Je suis avec respect, Monsieur le Ministre, etc.
Joseph AUDIBERT,
C’est aux démarches qui accompagnèrent cette lettre, que l’on doit la circulaire n.º 298 du 26 août 1880, qui répara, en partie, le mal qu’avait fait celle du 4 septembre 1879.
EXPÉRIENCE
D’une fabrication de vin avec des raisins, de l’eau et du sucre, d’après M. Petiot lui-même.
Cette expérience, devenue populaire, était à base de sucre de canne parce que M. Petiot ne connaissait pas alors les raisins secs du Levant. Aujourd’hui, le propriétaire remplace le sucre par les raisins secs, ce qui est non seulement économique mais encore bien plus productif.
«Convaincu que le raisin seul pouvait fournir les éléments d’un liquide qui méritât le nom de vin, c’est sur le fruit de la vigne, que j’ai concentré mes expériences, en me proposant pour problème, d’obtenir un liquide en tout semblable au vin extrait par les procédés ordinaires, et ne considérant mon but comme atteint, qu’autant que ce liquide aurait identiquement les mêmes qualités, le même bouquet, la même faculté de s’améliorer en vieillissant.

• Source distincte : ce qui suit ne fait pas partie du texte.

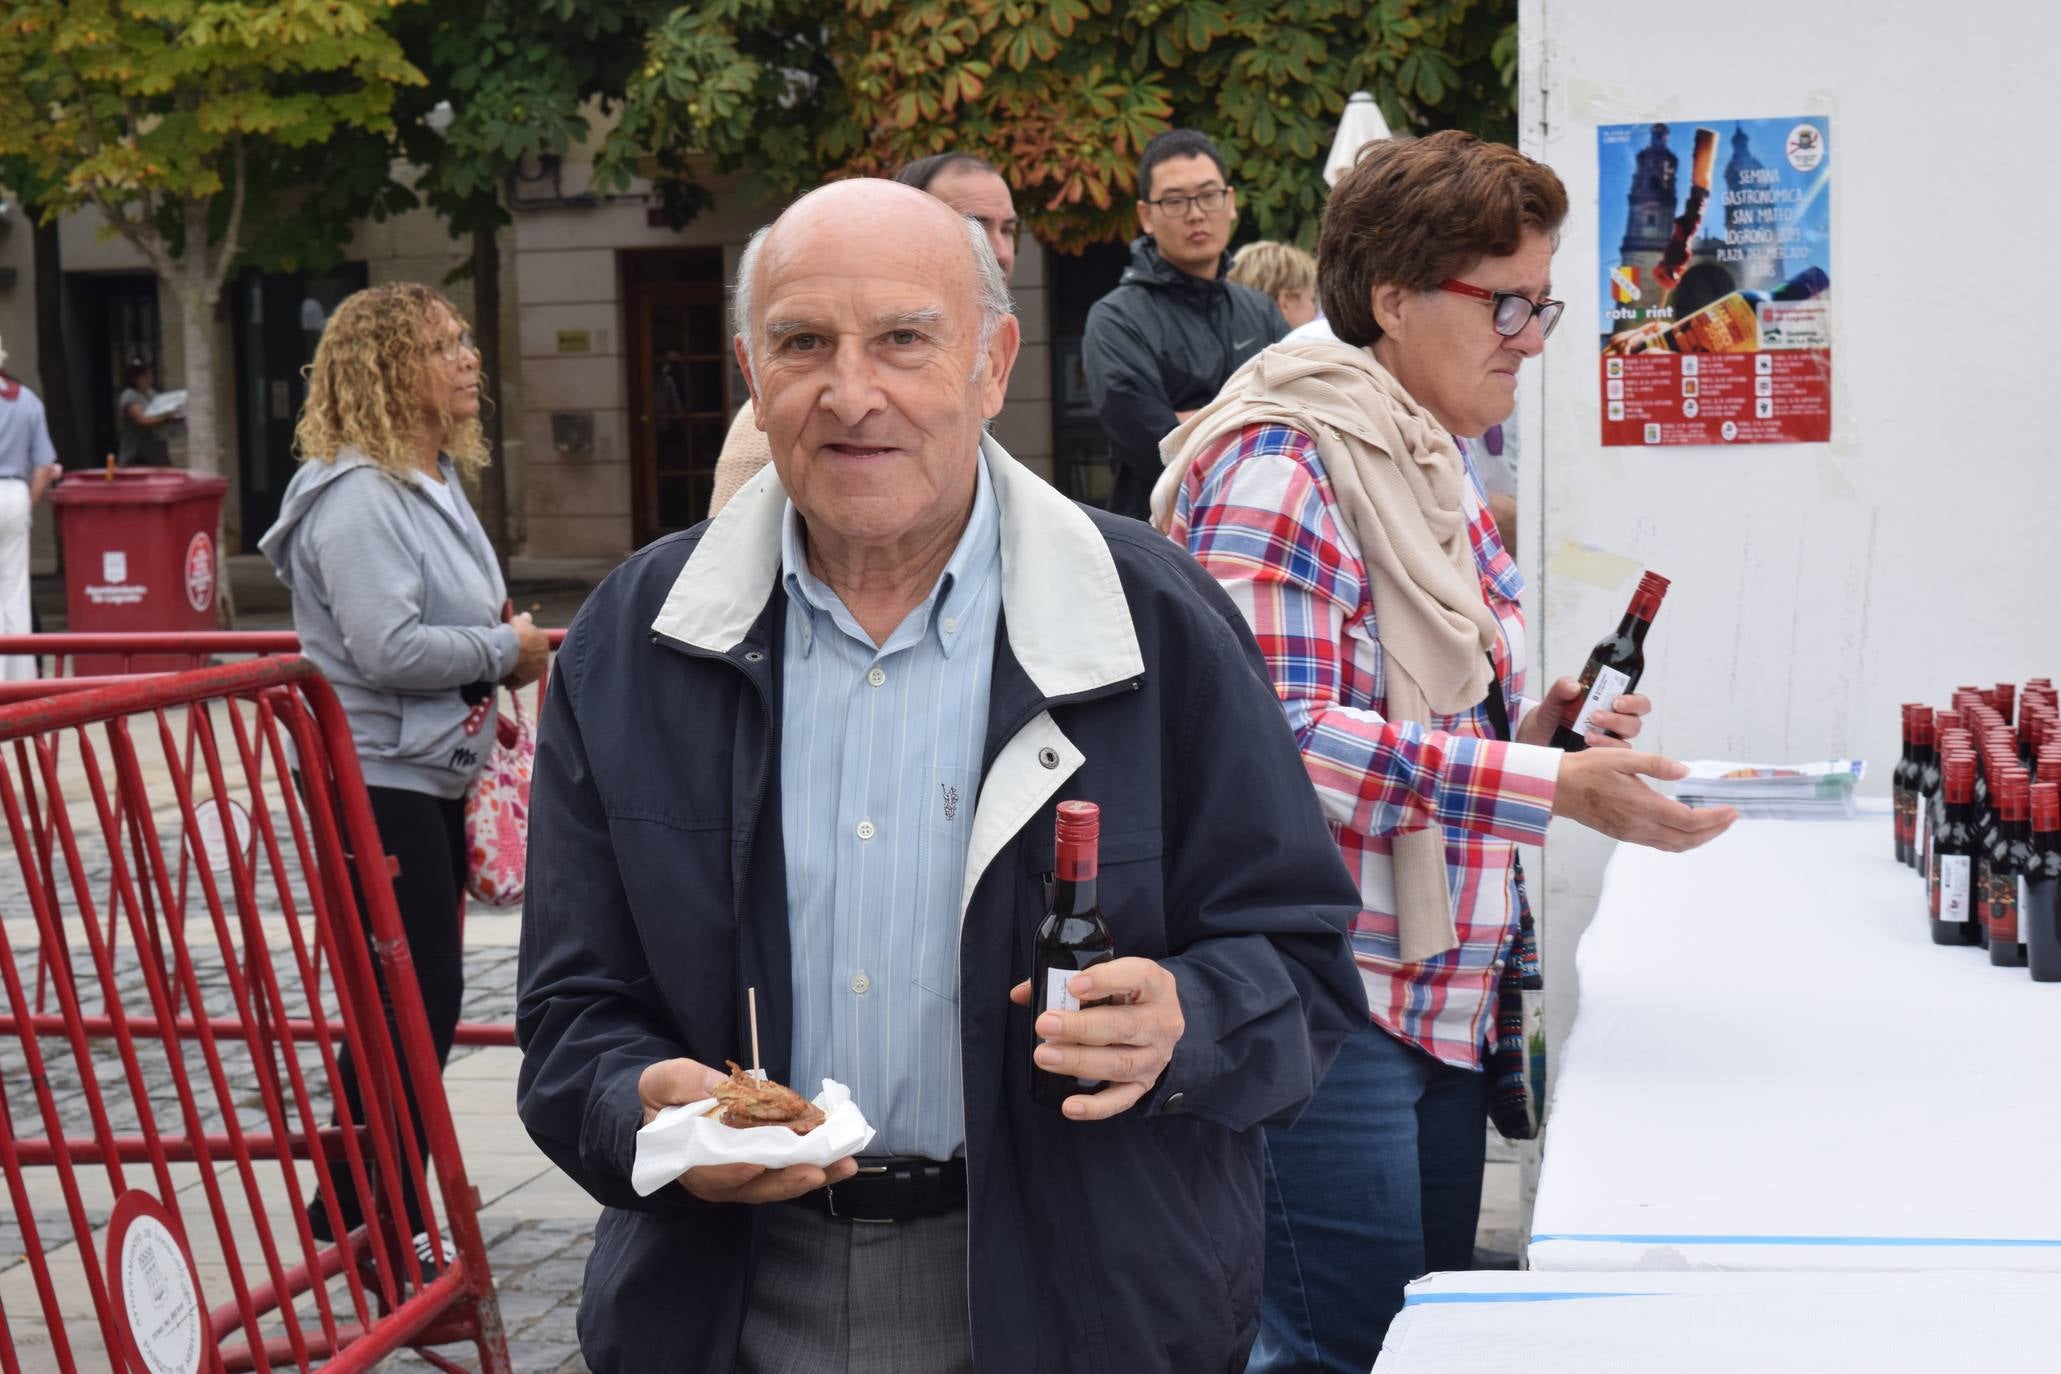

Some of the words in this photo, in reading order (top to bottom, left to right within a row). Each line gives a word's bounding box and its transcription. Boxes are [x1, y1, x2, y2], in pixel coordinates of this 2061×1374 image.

«La première chose à faire était d’analyser le jus de raisin; il contient ordinairement sur 100 parties du poids 88 à 98 parties d’eau, 9 à 11 parties de sucre[60], une seule partie de tartre, du tannin, de matière colorante, de résine ou d’huile essentielle, et d’autres substances dans des proportions si minimes que toutes ensemble, elles ne forment, comme je viens de le dire, qu’environ 1 p. 0/0 du poids.
«Ainsi, l’eau et le sucre forment les 99 centièmes du jus de raisin; les matières donnant la couleur, le goût spécial, le bouquet ou arôme, particulier de chaque cru, n’entrent dans le vin que pour un centième.